Anche la Consob ha detto la sua in merito al crac di Veneto Banca e Popolare di Vicenza dalle parole del direttore generale Angelo Apponi che parla di “un ecosistema collusivo volto a occultare in maniera sistematica e fraudolenta le informazioni al mercato e alle autorità di vigilanza”.

“I due istituti hanno dichiarato il falso alle autorità di vigilanza con una risposta formale nella quale negavano la concessione di prestiti per l’acquisto di azioni proprie. Cosa che poi si è rivelata falsa (…) I gravi illeciti commessi dai vertici delle banche venete hanno minato il nostro sistema di vigilanza”.
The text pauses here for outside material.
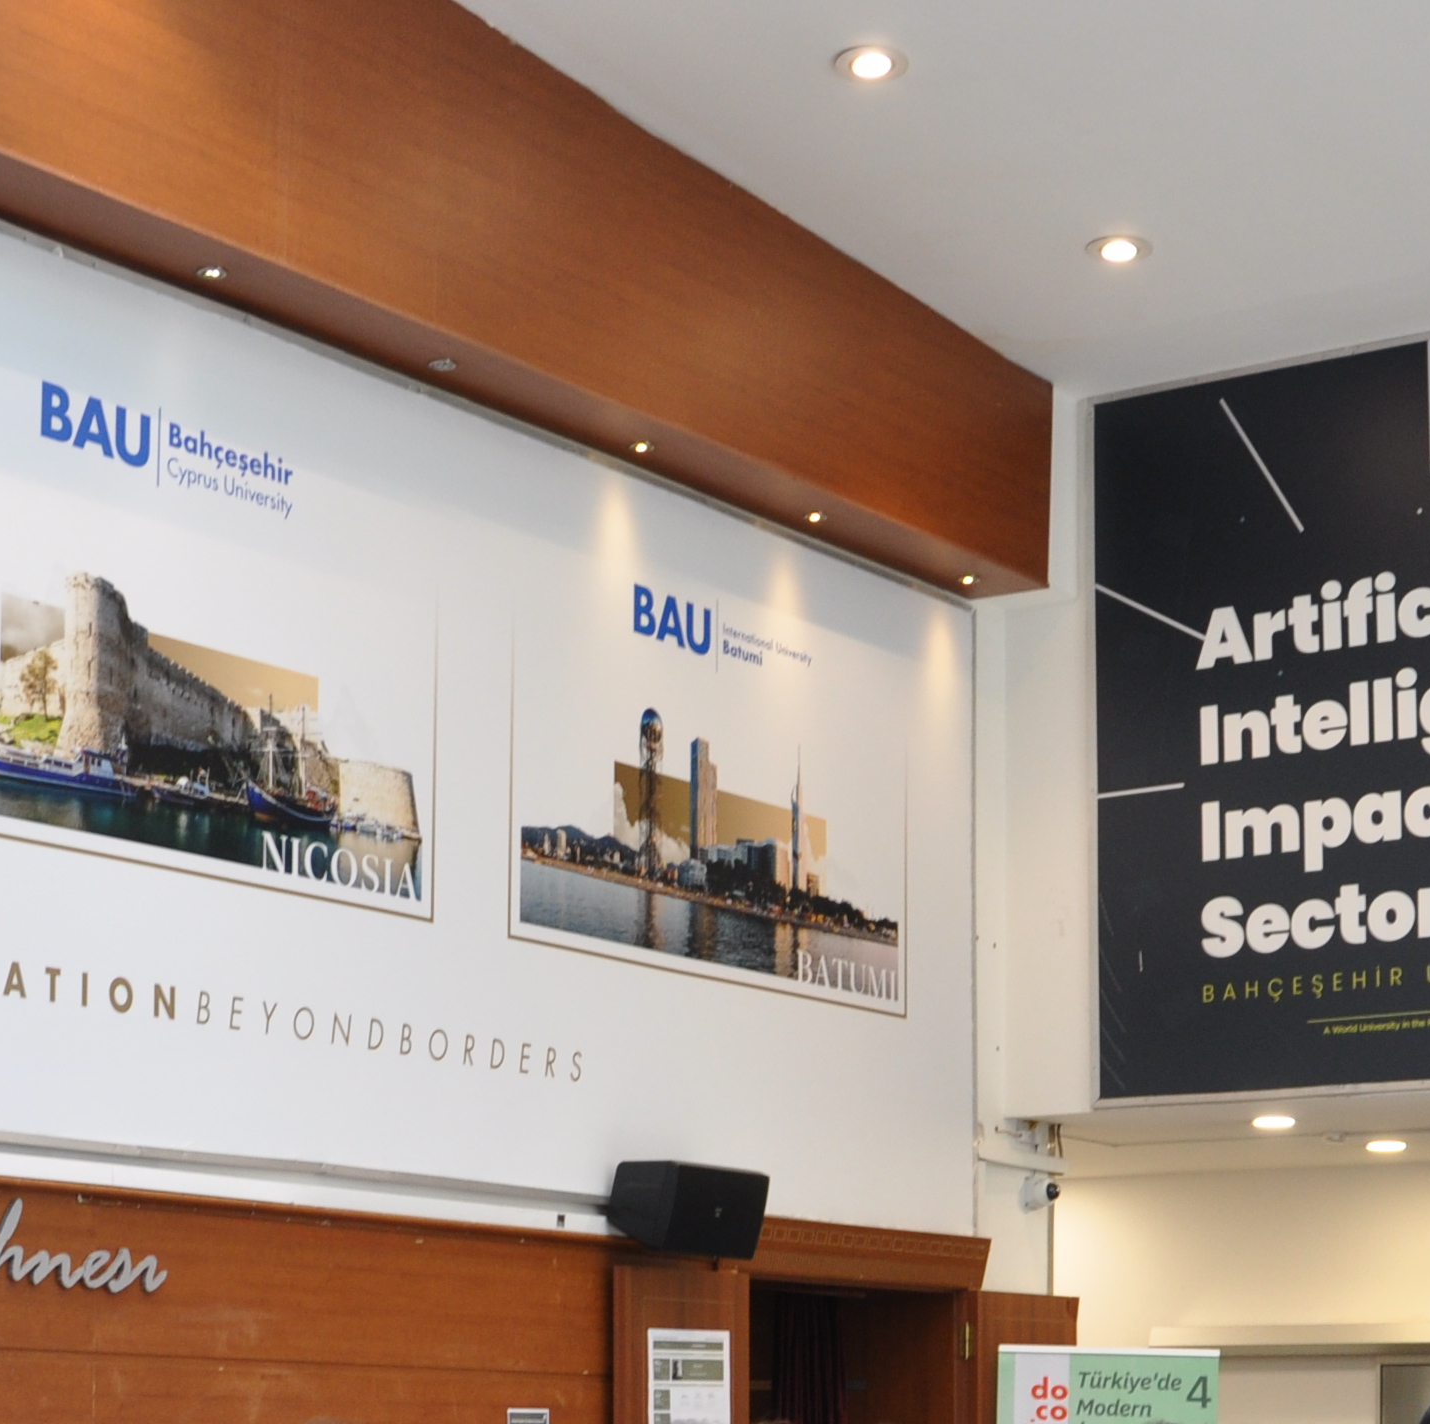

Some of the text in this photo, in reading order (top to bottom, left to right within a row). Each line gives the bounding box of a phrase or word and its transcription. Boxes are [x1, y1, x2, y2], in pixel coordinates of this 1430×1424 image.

Come Bankitalia anche la Consob dà l’impressione che sulla questione ha fatto tutto ciò che era in grado di fare additando ad altri le responsabilità:

“La Consob ha utilizzato tutte le informazioni che gli sono state trasmesse. Quello che noi conoscevamo lo abbiamo puntualmente utilizzato”.

Il prossimo martedì mattina davanti alla commissione d’inchiesta sulle banche verranno ascoltati i liquidatori delle banche venete. In audizione, secondo quanto riferito dalle agenzie di stampa, verrà sentito anche Fabrizio Viola, liquidatore sia per la Popolare di Vicenza che per Veneto banca. Viola è stato anche l’amministratore delegato di MPS dal 2012 al 2016, quando si è dimesso al culmine della crisi della banca.